Drunks is a limited collection of 626 NFTs consisting of only those Punks who explicitly express an emotion (Smile, Frown and Rosy Cheeks). The originals were rotated 90 degrees, a new background was added and in some cases some of the traits fell to the floor. But original traits always remain visible and present in the metadata.
Intoxication was a major theme of art in the ancient world: just think of all those painted pots depicting the entertainments commonly held at ancient Greek symposia or drinking parties. Praxiteles, the sculptor operating during the 4th Century BC, created a famous statue of the infant wine god, Dionysus.
The Romans, too, were under the spell of Bacchus (as they called Dionysus). He often appears in sculptures, wall paintings, and mosaics.

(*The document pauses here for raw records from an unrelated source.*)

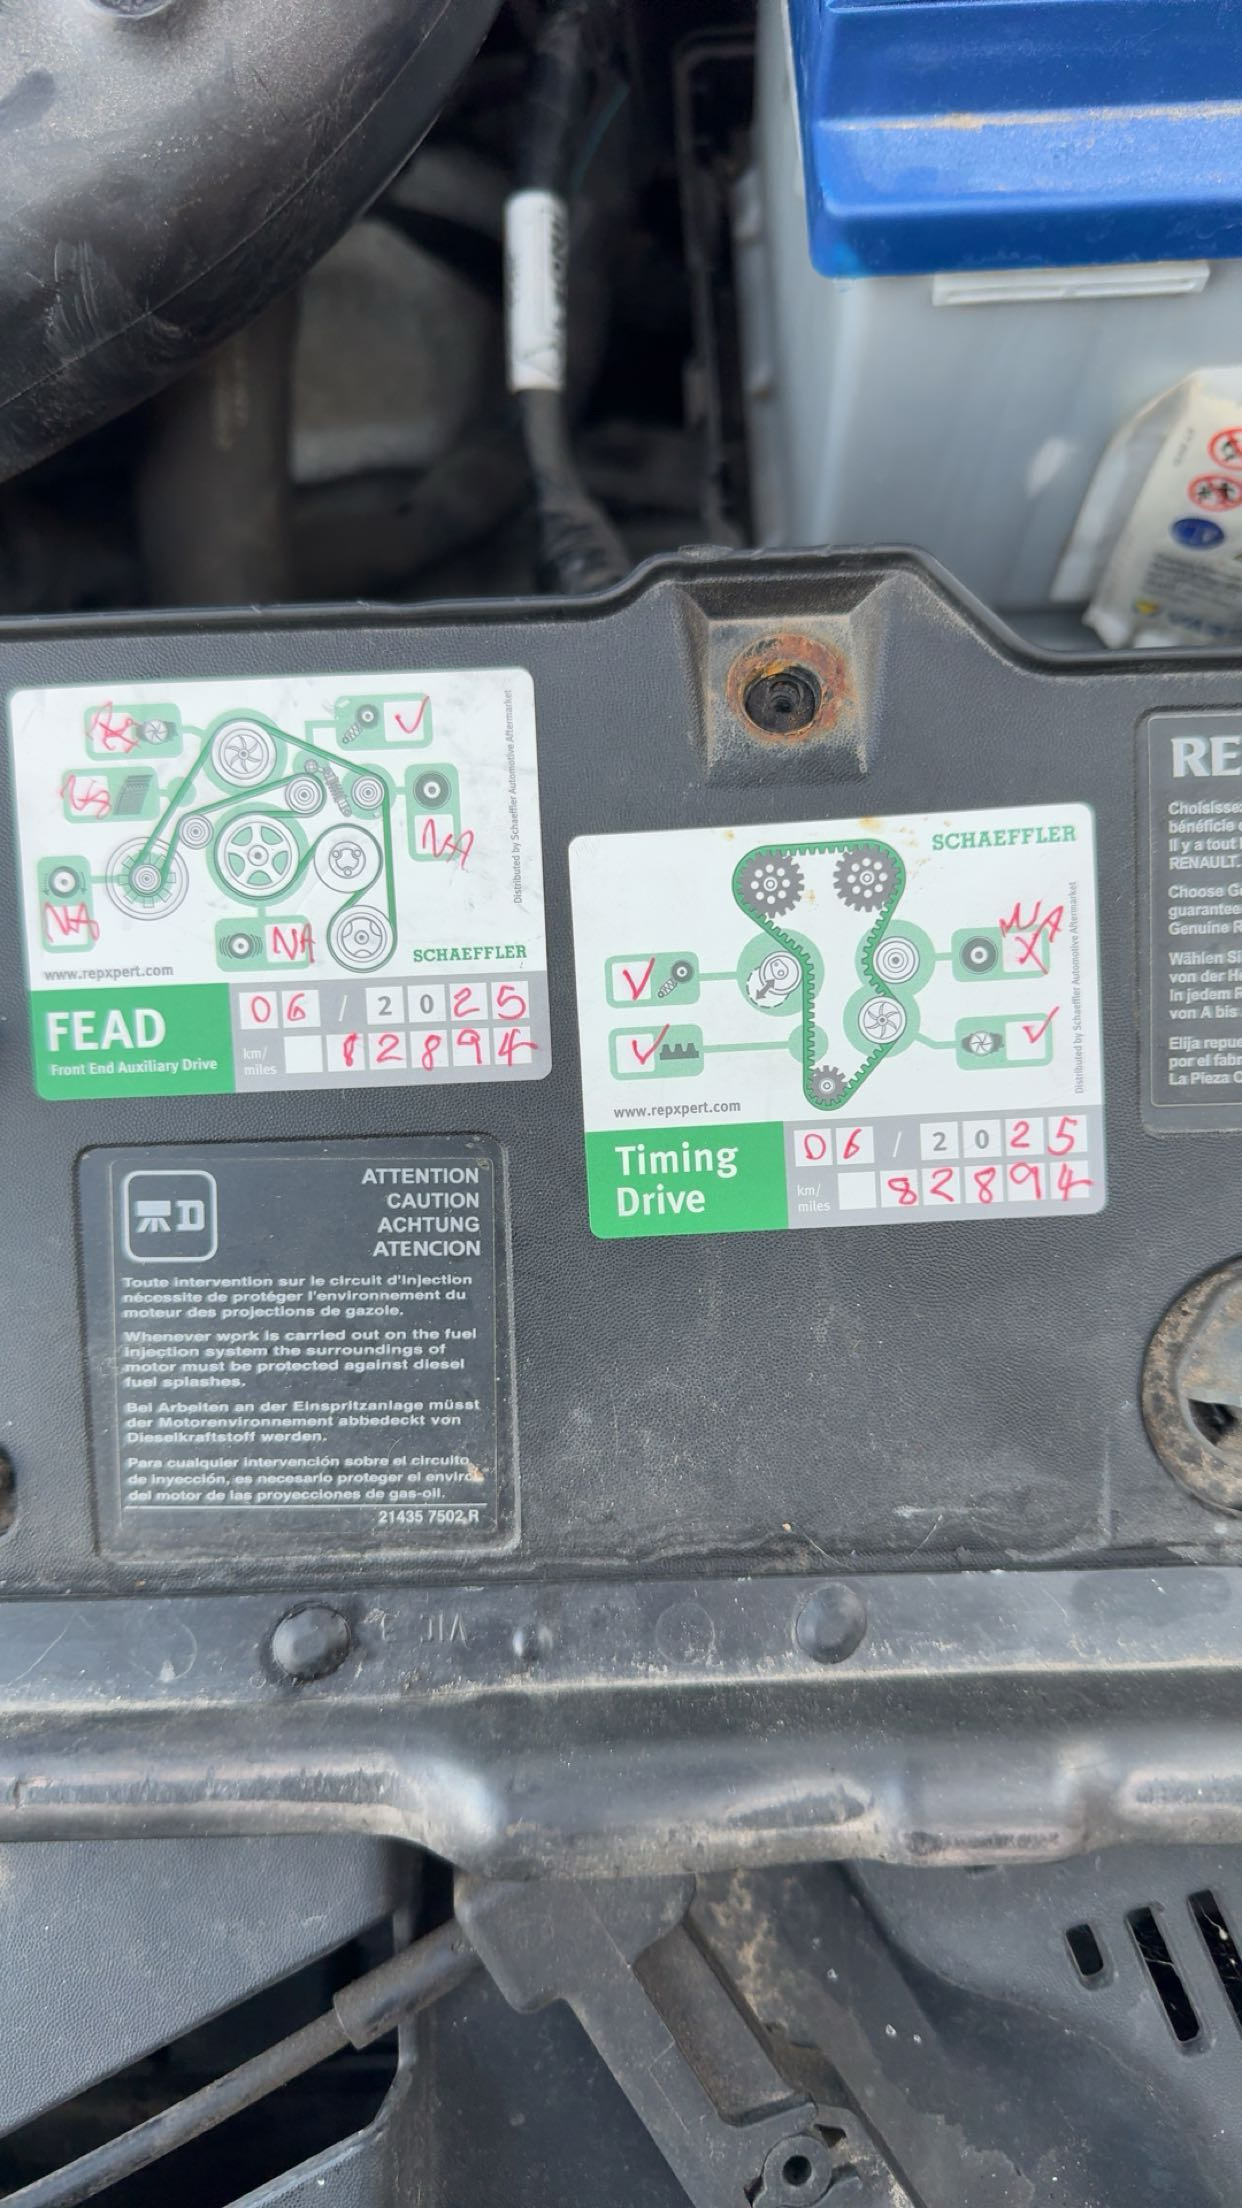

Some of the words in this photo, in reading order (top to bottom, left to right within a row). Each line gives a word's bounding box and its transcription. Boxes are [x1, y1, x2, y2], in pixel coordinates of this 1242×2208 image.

[503, 689, 514, 743] Aftermarket
[505, 743, 517, 795] Automotive
[1168, 800, 1242, 815] Choisisse
[508, 797, 519, 841] Schaeffler
[1168, 818, 1235, 834] bénéficie
[932, 825, 1077, 851] SCHAEFFLER
[1181, 841, 1191, 854] y
[1194, 840, 1203, 851] a
[1206, 837, 1237, 851] tout
[511, 841, 521, 854] by
[513, 853, 523, 904] Distributed
[1168, 884, 1225, 899] Choose
[1228, 882, 1242, 897] G
[1068, 881, 1079, 933] Aftermarket
[1168, 920, 1230, 936] Genuine
[272, 922, 315, 964] NA
[413, 945, 527, 962] SCHAEFFLER
[1071, 935, 1081, 985] Automotive
[1168, 951, 1224, 966] Wählen
[44, 964, 174, 982] www.repxpert.com
[1168, 972, 1196, 984] von
[1200, 969, 1227, 983] der
[1168, 988, 1183, 1002] In
[1186, 986, 1231, 1004] jedem
[1072, 987, 1082, 1031] Schaeffler
[1168, 1008, 1196, 1020] von
[1200, 1005, 1213, 1019] A
[1215, 1004, 1238, 1018] bis
[46, 1008, 166, 1052] FEAD
[1073, 1033, 1084, 1046] by
[1168, 1036, 1201, 1052] Elija
[51, 1063, 86, 1076] Front
[89, 1062, 115, 1075] End
[118, 1059, 180, 1075] Auxiliary
[182, 1057, 218, 1071] Drive
[244, 1063, 278, 1075] miles
[1074, 1047, 1085, 1094] Distributed
[1168, 1057, 1196, 1071] por
[1197, 1054, 1210, 1067] el
[1168, 1073, 1187, 1086] La
[1190, 1071, 1231, 1085] Pieza
[614, 1101, 741, 1118] www.repxpert.com
[614, 1141, 739, 1179] Timing
[361, 1167, 479, 1185] ATTENTION
[386, 1192, 479, 1209] CAUTION
[617, 1183, 706, 1217] Drive
[798, 1199, 831, 1213] miles
[377, 1216, 480, 1233] ACHTUNG
[372, 1240, 481, 1257] ATENCION
[122, 1276, 170, 1288] Toute
[174, 1275, 273, 1288] intervention
[278, 1278, 306, 1287] sur
[310, 1275, 325, 1286] le
[329, 1274, 382, 1286] circuit
[387, 1274, 473, 1287] d'injection
[123, 1291, 203, 1303] nécessite
[207, 1291, 228, 1302] de
[233, 1290, 303, 1305] protéger
[307, 1289, 440, 1302] l'environnement
[445, 1289, 466, 1300] du
[123, 1308, 182, 1318] moteur
[187, 1307, 217, 1318] des
[221, 1305, 316, 1320] projections
[320, 1305, 341, 1317] de
[345, 1304, 404, 1319] gazole.
[123, 1331, 212, 1342] Whenever
[216, 1330, 259, 1342] work
[264, 1330, 280, 1341] is
[284, 1328, 346, 1341] carried
[351, 1329, 380, 1340] out
[384, 1330, 407, 1340] on
[412, 1328, 440, 1340] the
[444, 1327, 477, 1339] fuel
[124, 1346, 200, 1360] injection
[205, 1348, 268, 1359] system
[273, 1345, 301, 1356] the
[306, 1343, 423, 1358] surroundings
[428, 1343, 447, 1354] of
[124, 1362, 177, 1372] motor
[182, 1361, 225, 1372] must
[229, 1360, 252, 1372] be
[257, 1358, 339, 1374] protected
[344, 1358, 409, 1373] against
[412, 1357, 465, 1370] diesel
[125, 1376, 157, 1388] fuel
[162, 1376, 246, 1389] splashes.
[125, 1402, 152, 1413] Bei
[158, 1401, 229, 1413] Arbeiten
[234, 1402, 254, 1412] an
[260, 1401, 288, 1412] der
[292, 1400, 424, 1413] Einspritzanlage
[429, 1398, 480, 1410] müsst
[127, 1416, 153, 1428] der
[159, 1415, 333, 1428] Motorenvironnement
[338, 1414, 425, 1427] abbedeckt
[431, 1416, 461, 1426] von
[127, 1431, 256, 1443] Dieselkraftstoff
[261, 1430, 327, 1442] werden.
[127, 1457, 162, 1467] Para
[166, 1456, 239, 1470] cualquier
[244, 1455, 339, 1467] intervención
[344, 1455, 389, 1466] sobre
[393, 1455, 406, 1465] el
[411, 1454, 470, 1466] circuito
[128, 1473, 147, 1484] de
[152, 1473, 230, 1486] inyección,
[234, 1475, 253, 1484] es
[258, 1472, 333, 1484] necesario
[337, 1472, 403, 1485] proteger
[407, 1471, 421, 1482] el
[128, 1490, 152, 1501] del
[156, 1491, 202, 1500] motor
[206, 1489, 226, 1500] de
[230, 1489, 253, 1500] las
[257, 1488, 361, 1502] proyecciones
[365, 1488, 385, 1499] de
[389, 1487, 445, 1501] gas-oil.
[378, 1510, 424, 1524] 21435

With the revival of the worldview of the antiques during the Renaissance, drink became an important subject for artists once again. Before creating his Pieta, Michelangelo sculpted a tipsy Bacchus. Titian also depicted the god of intoxication in Bacchus and Ariadne, and in The Andrians, he returned to this boozy theme, representing a group of revelers dancing and lying beside a river of wine on the island of Andros.
Almost a century later, Pieter Paul Rubens painted his infamous Silenus, the bald, bearded, pot-bellied tutor and companion of Dionysus, stumbling along with drunken difficulty.
A few decades after that piece was painted, Jan Steen and other Dutch artists felt compelled to depict drinking. A meme within their 17th Century repertoire was that of the lecherous gentleman attempting to seduce a woman by getting her drunk.
Vermeer created a version of this scenario. It contains a white highlight sparkling on the glass pressed to the woman’s face so that it is directly level with her eyes. A metaphor for her state of mind—dazzled by the intoxication?
The popularity of cheap Dutch alcohol inspired another memorable image of drinking: Hogarth’s Gin Lane, a polemical print of 1751, which dramatizes the consequences of consuming spirits to excess.
And the drinking theme continues on and on in the arts. From fin de siècle artists with their representations of bars and absinthe drinkers to contemporary artists who are attracted to drunkenness in their work. To name just two, Gilbert and George with Balls and Cy Twombly with a series of Bacchus paintings.